多様な専門性を持った皆さんとの連携

◾️琵琶湖・南湖の水草の有効利用を目的に設立された市民グループ「水草は宝の山」=「水宝山」の活動に関して、また少し前進がありました。以前より、水草堆肥については、経験的に農作物に効果があると言われてきましたが、学問的というか科学的な裏付けが明確にあるわけではありませんでした。私が参加している総合地球環境学研究所のプロジェクトの研究成果として、土壌生態学的な研究論文は発表されていますが、実際に農業で水草堆肥を使っていく上で必要とされる農学的な観点からの知見については確認することができていません。

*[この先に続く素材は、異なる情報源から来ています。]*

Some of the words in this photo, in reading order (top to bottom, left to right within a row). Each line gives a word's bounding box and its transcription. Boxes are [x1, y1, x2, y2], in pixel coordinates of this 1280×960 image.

◾️そのため、龍谷大学農学部のお二人の教員にお願いをして、水草堆肥の効果に関する農学的な研究を進めていただくことになりました。お二人は、土壌、肥料、植物栄養学についての専門家です。昨日は、水草問題を所管されている滋賀県庁琵琶湖環境部琵琶湖政策課の職員の方達にも龍谷大学にお越しいただき、お二人と意見交換をしていただきました。私は授業があったため、途中で意見交換の場から退席しましたが、いろいろ勉強になりました。「餅は餅屋」と言いますが、深い専門性を持った方達の横の連携の大切さを、より一層実感することになりました。水草問題の解決に向けてまた少し前進できたように思います。お二人の教員の皆さんには、心より感謝したいと思います。

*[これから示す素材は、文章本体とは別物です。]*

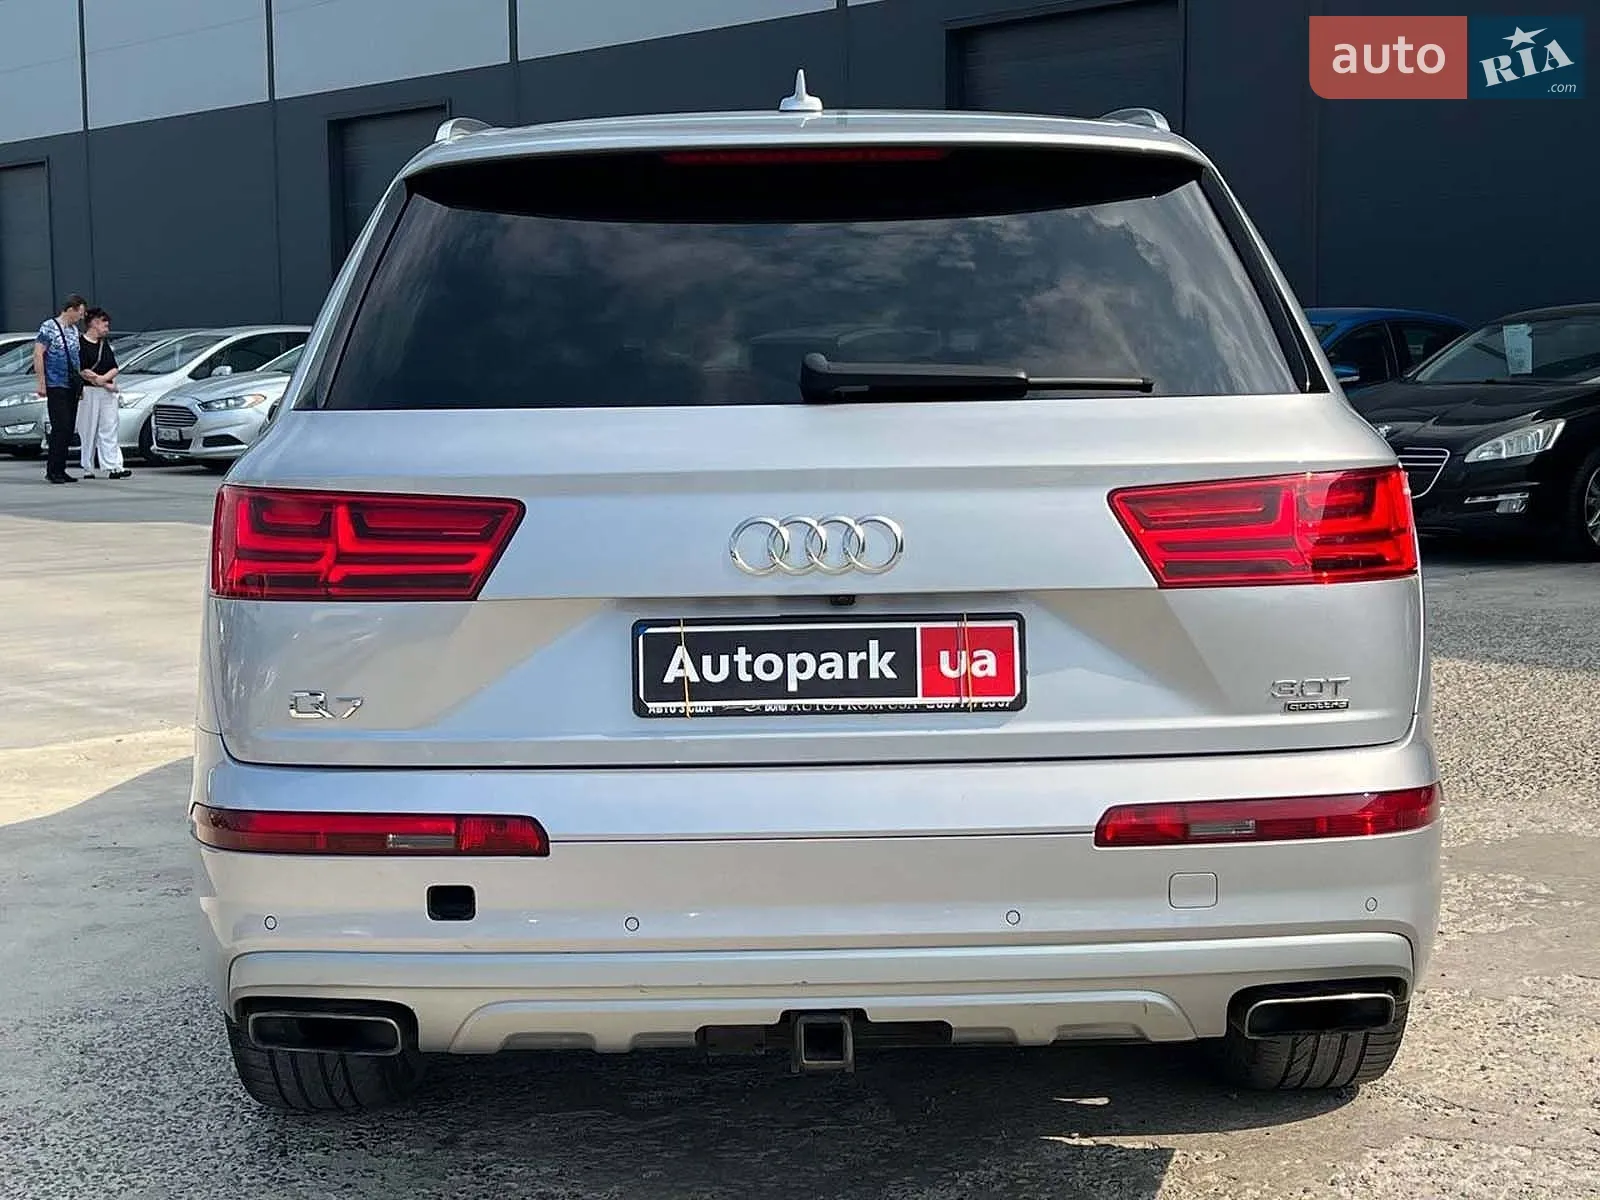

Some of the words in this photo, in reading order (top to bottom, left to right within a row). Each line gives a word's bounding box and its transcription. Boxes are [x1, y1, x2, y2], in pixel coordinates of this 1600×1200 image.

[662, 639, 901, 692] Autopark
[938, 647, 997, 679] ua
[289, 690, 364, 720] Q7
[1287, 701, 1349, 712] quattro

◾️もう一つ、良いことがありました。「水宝山」の活動の一つは、切れて浜に漂着した水草を、地域の中で有効利用する仕組みを作っていくことにあります。これまで、そのような「水宝山」の活動を展開していく上で、法律的にクリアすべき課題が残っていました。長らく「水宝山」の活動の足かせになっていました。ということで、昨日に引き続き、今日も琵琶湖政策課の職員さんと一緒に、琵琶湖の砂浜を管理されている滋賀県庁の部署を訪問して相談をさせていただきました。その結果、有価物の採取や利益のために活動するのでない限り、河川法的に特に問題になるようなことはない、むしろそのような河川愛護活動はありがたいとの見解をお示しくださいました。こちらについても、心より感謝したいと思います。正直、ホッとしました。具体的な成果を生み出していくためには、まだまだ時間がかかりますし、今後も、さらに多くの多様な専門性を持った皆さんとの協働が必要です。引き続き、頑張ってまいります。

◾️以前、お世話になった同位体生態学の大御所の先生から、「I型」→「T型」→ 「π型」という話しを聞かせてもらったことがあります。環境問題の解決に向けて、特定の専門性だけでは限界がある。アルファベットの「I」は、そのような特定の専門性を表現しています。ですから、自分の研究の間口を広げていこう。隣接する分野や関連する分野についても、たとえディシプリンが違っても勉強していこう。これが「T型」です。「I型」よりも横に関心が広がっていますね。しかし、個人の努力だけではまだどうしようもない。「T」と「T」が連携する中で、「π型」になっていく必要がある。そのような話しだったかと思います。これは文理融合の研究を進めていくことの必要性に関連して話されたことです。「水宝山」の活動は、研究プロジェクトではありませんが、多様な専門性を持った皆さんとの協働ということからすれば、やはり「π型」を目指して行かねばなりません。多様な専門性の相補的な関係をデザインしていくことが必要になります。